Anyone play with this cultivar?
(brief research shows its semi-dwarf, compact and pyramidal in it's growth with strong apical dominance) I expect it to be a bit of a challenge compared to the standard BC but I think it should be fun to work on. Advice of design welcome, cutting down to a nub doesn't seem like a massive plan
There are two long bc shoots coming of the base, a small raise island of roots that'll get some TLC next year, and three possible leaders, the current tall leader, a nub next to it or the small branch I'm holding out
That's a graft. The root stock is likely a standard bald cypress. The shoots coming out of the base will not be peve minaret. I recommend removing them. The root stock of many trees are often much stronger than the grafts.
Bonsai with grafted bases rarely make good bonsai. These trees suffer from distracting aesthetics such as: Root stock having a different color than the graft; root stock being much wider than the graft; Bark mismatch between graft and base; Visible graft line; Graft lines too far up the trunk; Diagonal graft lines.
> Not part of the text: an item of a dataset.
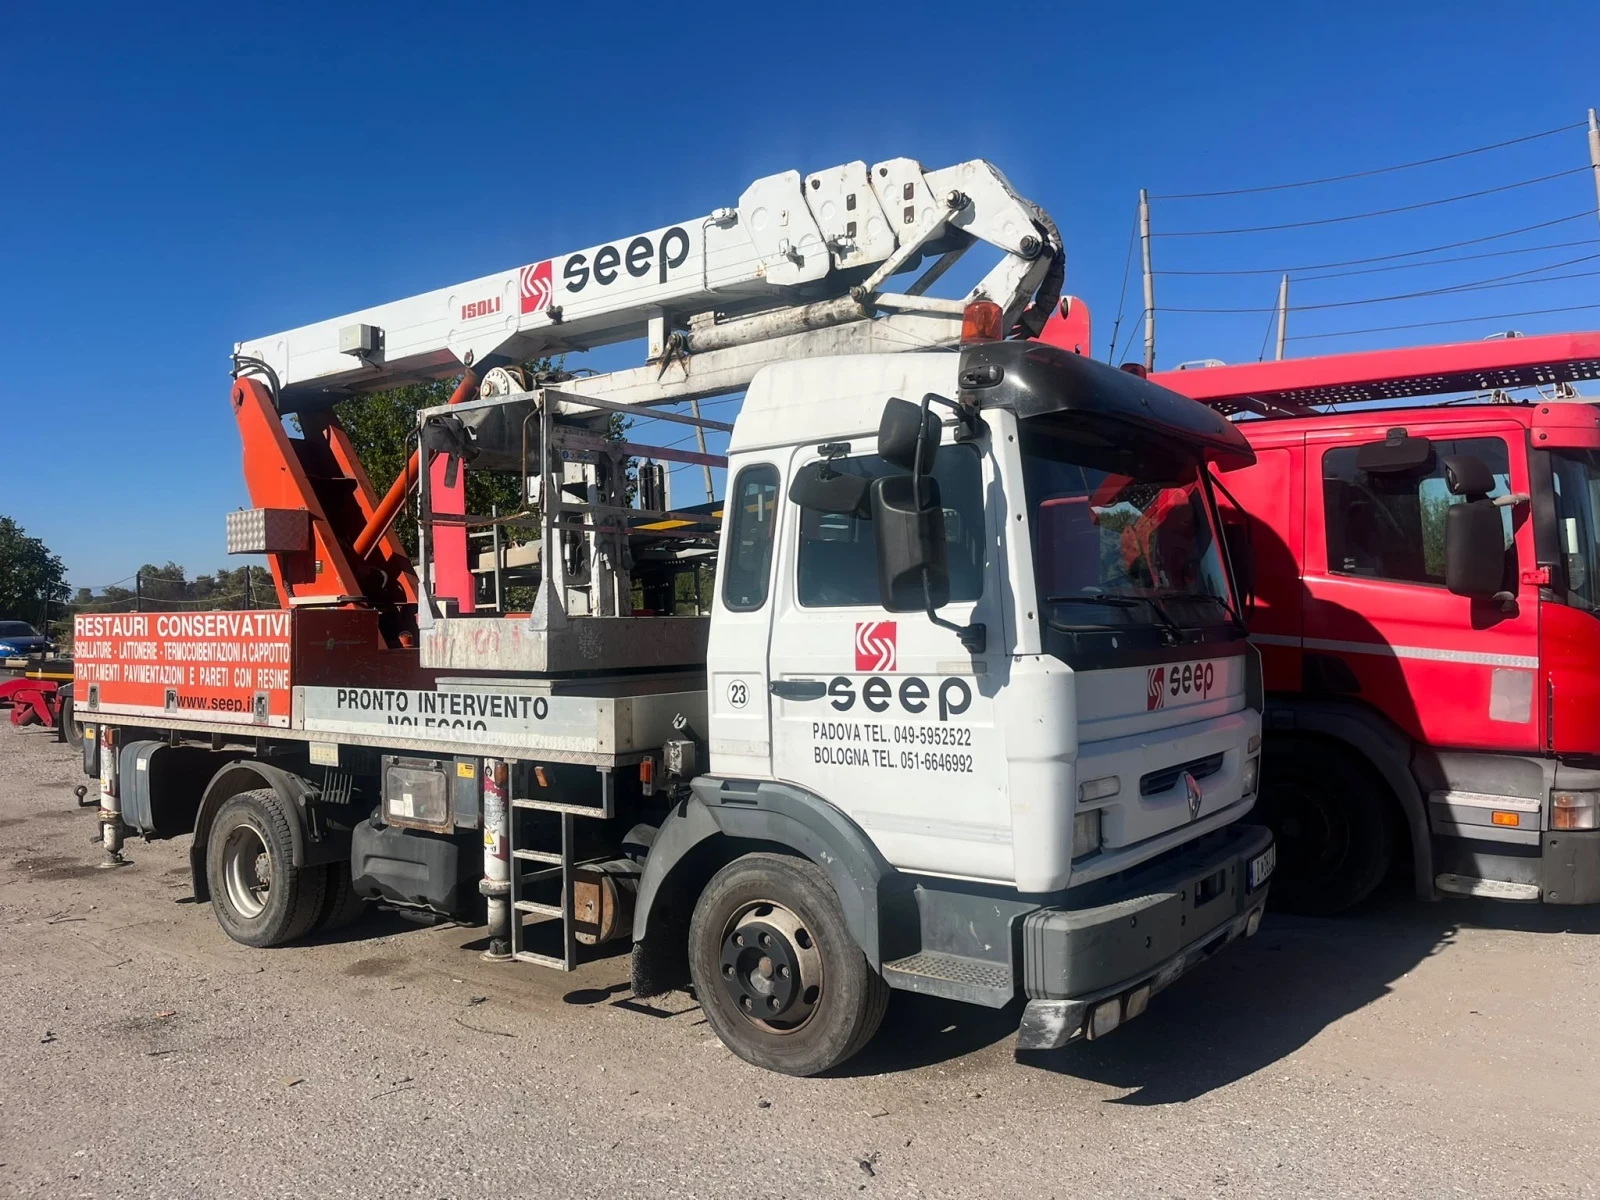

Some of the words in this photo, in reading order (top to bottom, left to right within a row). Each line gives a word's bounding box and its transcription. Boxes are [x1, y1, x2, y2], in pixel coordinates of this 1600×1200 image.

That's for trunk-grafts. If a bonsai has branches grafted onto the trunk, the grafts are often overlooked as "collars" and don't become an issue.
The problem with your tree is how different the root stock looks from the graft. It's like the graft is growing from a pedestal. I see this all the time with Japanese maple varieties.
My recommendation is to bury the root stock. Pot the tree deeper so that the soil line is just above the graft line. An interesting quality of bald cypress is their ability to grow roots higher up on their trunks if they are buried or inundated. It might be possible to chase the roots up higher on the root stock. Ideally, the peve minaret could grow roots of its own. However, peve minaret is a "sport" mutation. Sports may lack certain abilities, such as making their own roots, their own flowers, their own fruits/cones, and seeds. Sports that do produce seeds will often result in un-modified trees. Sports are often different because of non-genetic mutations.
That said, I have also seen sports that root better than the parent plants. Guy Guidry has a privet variety with super-tiny leaves and it roots like crazy.
What I would like to see is roots coming out of the base of the peve minaret, just above the graft line. If it were my tree, I'd pot the tree with the graft at least an inch into potting soil. I would make several small nicks just above the graft line at uneven intervals. Then dust the nicks with rooting hormone and bury that an inch deep. Don't connect the nicks to each other or you will girdle the tree and kill it. Pick an odd number so you avoid symmetry.
Another option would be to keep the tree growing as a mother tree and make new trees out of cuttings and air-layers. But if the peve minaret does not produce roots in either attempt, you're stuck.
This might be a dead-end for all the work you put into it. However, I've done the same. If I had the chance to buy a peve minaret, I would jump at it and do all the things I just wrote.
Whichever the case, please make notes of what you do and let us know what happens. Even if it's all bad news. Failures are only failures if we don't learn from them.